Are Republicans on board with Ryan’s radical roadmap?

ARE REPUBLICANS ON BOARD WITH RYAN’S RADICAL ROADMAP?…. While most congressional Republicans seem to be allergic to offering an alternative agenda in advance of the midterm elections, Rep. Paul Ryan (R-Wis.), the ranking member on the House Budget Committee, released a blueprint he calls a “roadmap.” His GOP colleagues seem to generally approve of the plan, but they’re terrified to say so.

Derek Thompson reports that Ryan explained to a Brookings audience yesterday that congressional Republicans are simply too worried about how the public would respond if the party truly embraced the plan.

When asked why Republicans aren’t flocking to his bold government reform, Ryan responded, without hesitation: “They’re talking to their pollsters and their pollsters are saying, ‘Stay away from this.'”

Ryan’s plan would dramatically change the country’s tax and entitlement system. It would introduce a value-added tax, eliminate the corporate income tax, phase in deep Medicare cuts, and partially privatize Social Security, among other things.

I’m inclined to give Paul Ryan, a devoted fan of Ayn Rand’s novels, at least some credit for putting his beliefs on paper, and subjecting them to public scrutiny. He has a plan to radically transform governmental institutions and Americans’ way of life, and he’s not afraid to say so.

Indeed, many on the right are on board with the radical Ryan plan. Jonah Goldberg loves it, and when it comes to deficit reduction, House Minority Leader John Boehner (R-Ohio) described Ryan’s proposed $1.3 trillion in potential cuts as “a pretty good list of options.”
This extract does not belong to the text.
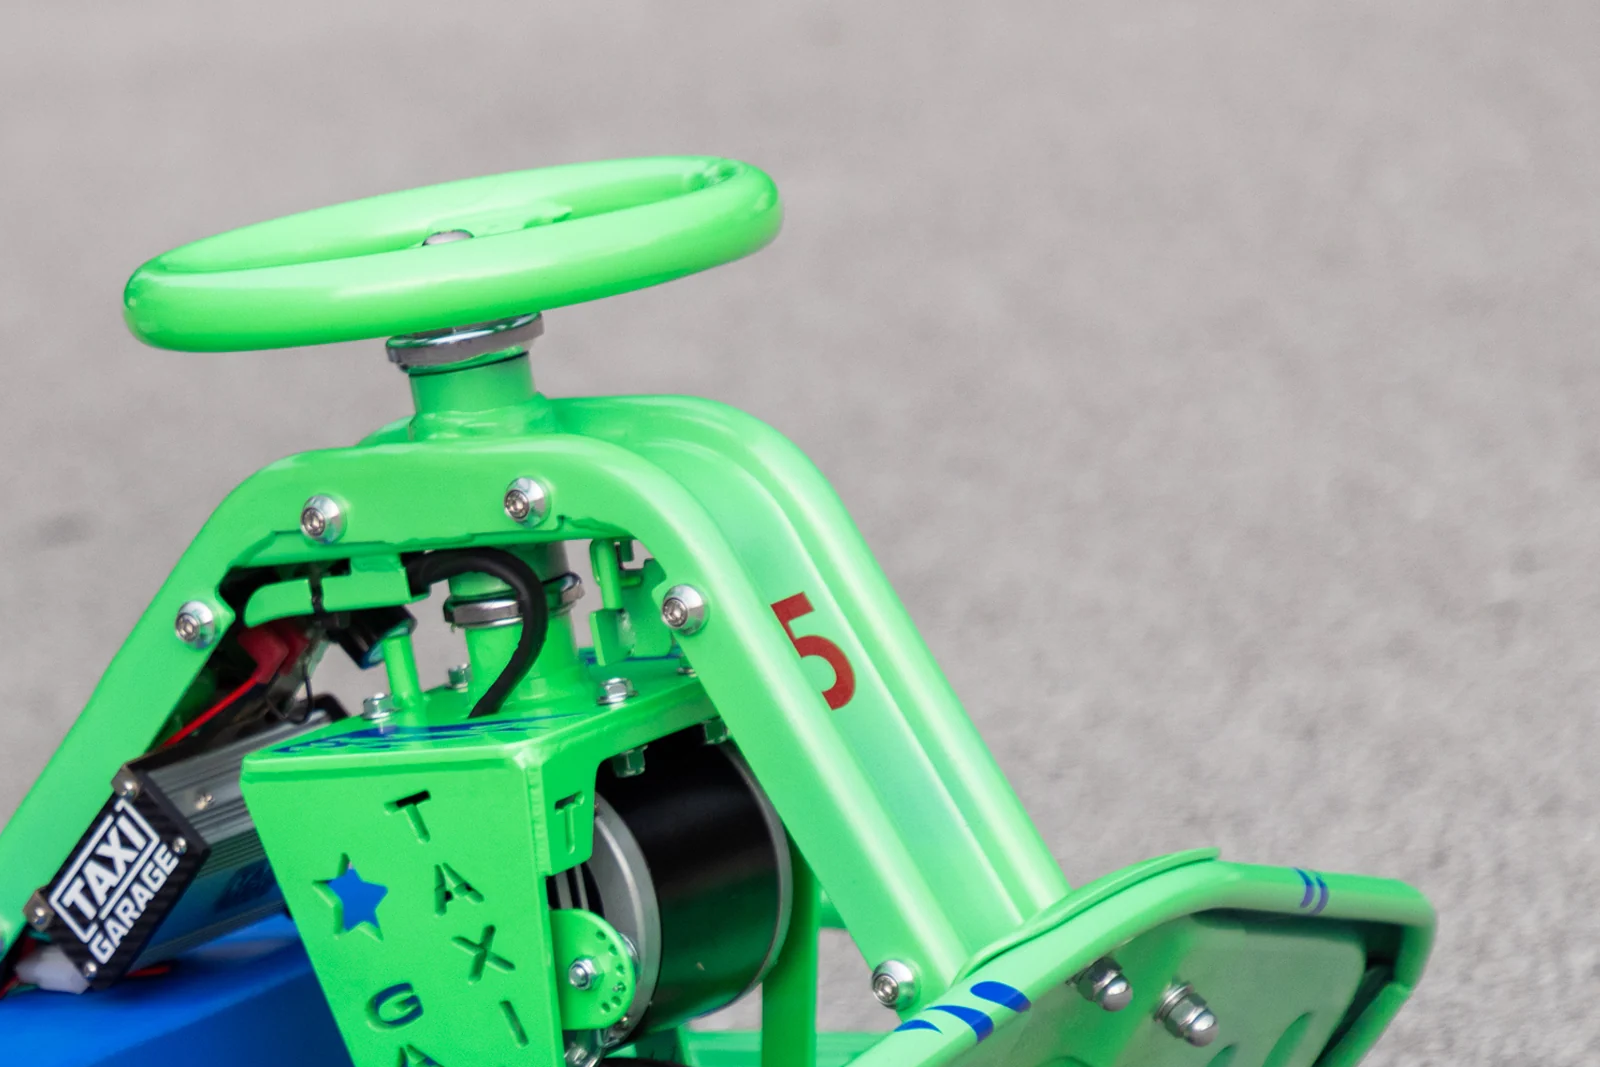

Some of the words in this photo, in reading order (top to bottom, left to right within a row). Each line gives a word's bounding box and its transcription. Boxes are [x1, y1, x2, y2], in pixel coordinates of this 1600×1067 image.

[770, 591, 856, 711] 5
[60, 815, 148, 921] TAXI
[88, 843, 180, 965] GARAGE
[384, 789, 529, 1048] TAXI
So, why are Republicans being told to “stay away from this”? Why, by Ryan’s own estimation, is his party deliberately putting politics above principle? Because if the public came to think of the radical Ryan roadmap as the party’s official approach to budget issues, the GOP would lose practically every federal election for at least a generation.
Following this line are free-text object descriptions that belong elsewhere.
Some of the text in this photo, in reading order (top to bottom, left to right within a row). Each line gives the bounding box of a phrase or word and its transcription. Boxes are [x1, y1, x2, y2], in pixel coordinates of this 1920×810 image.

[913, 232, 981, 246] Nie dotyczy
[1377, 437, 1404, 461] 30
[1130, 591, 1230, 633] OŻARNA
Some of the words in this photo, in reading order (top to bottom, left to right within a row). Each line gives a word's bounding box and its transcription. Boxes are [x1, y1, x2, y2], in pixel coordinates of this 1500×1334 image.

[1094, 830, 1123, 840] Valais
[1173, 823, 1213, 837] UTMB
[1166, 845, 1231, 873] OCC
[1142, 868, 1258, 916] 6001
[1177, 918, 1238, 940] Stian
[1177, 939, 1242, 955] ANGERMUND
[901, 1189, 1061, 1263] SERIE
But in a way, the party’s cowardice is a real shame. Ryan’s gone to the trouble of presenting a plan, and encouraging his party to support it. The plan raises taxes on everyone except the wealthy; it privatizes Social Security; it eliminates Medicare, the Children’s Health Insurance Program, and most of Medicaid; and it wouldn’t actually get rid of the deficit anyway. The whole plan offers a breathtaking vision of how the government would operate in the 21st century if conservative Republicans had their way.
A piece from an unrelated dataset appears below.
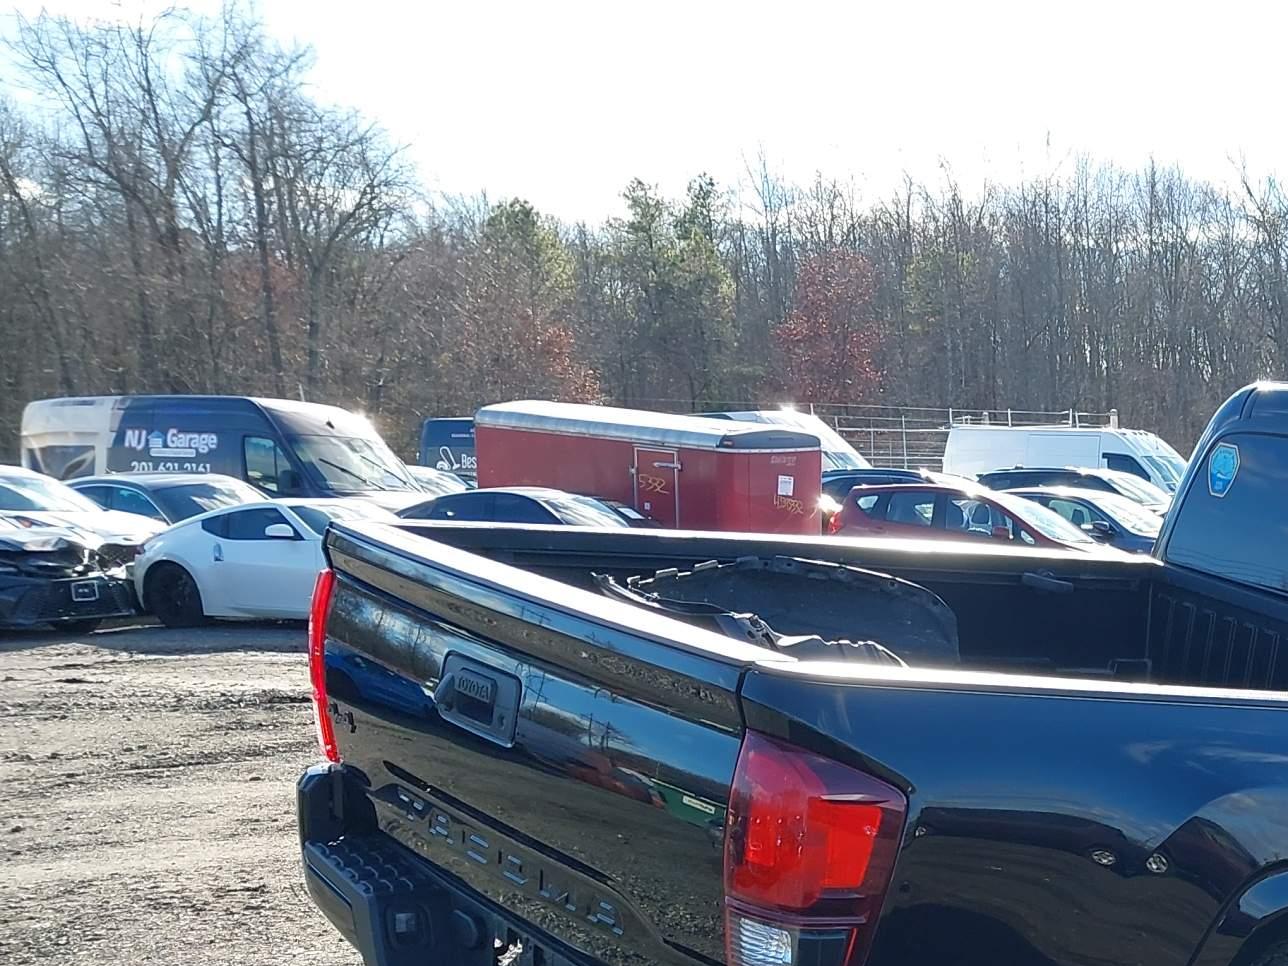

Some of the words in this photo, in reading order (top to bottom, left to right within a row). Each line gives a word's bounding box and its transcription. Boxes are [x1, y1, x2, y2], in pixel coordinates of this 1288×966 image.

Ryan thinks it should be part of the debate — and he’s right! In fact, Republicans expect to make Ryan the chairman of the House Budget Committee six months from now, where he’ll have a chance to do some real damage to Americans institutions.

Forget what the GOP “pollsters are saying.” Are Republicans on board with Ryan’s roadmap or not? Is his plan a reflection of what GOP candidates would do with their majority? Shouldn’t voters have a chance to hear from Republicans about this before there’s an election?

These need not be rhetorical questions. The leading GOP official on budget issues has a plan. It’s not unreasonable to think every Republican candidate should say, before November, whether they think it’s a plan worth pursuing.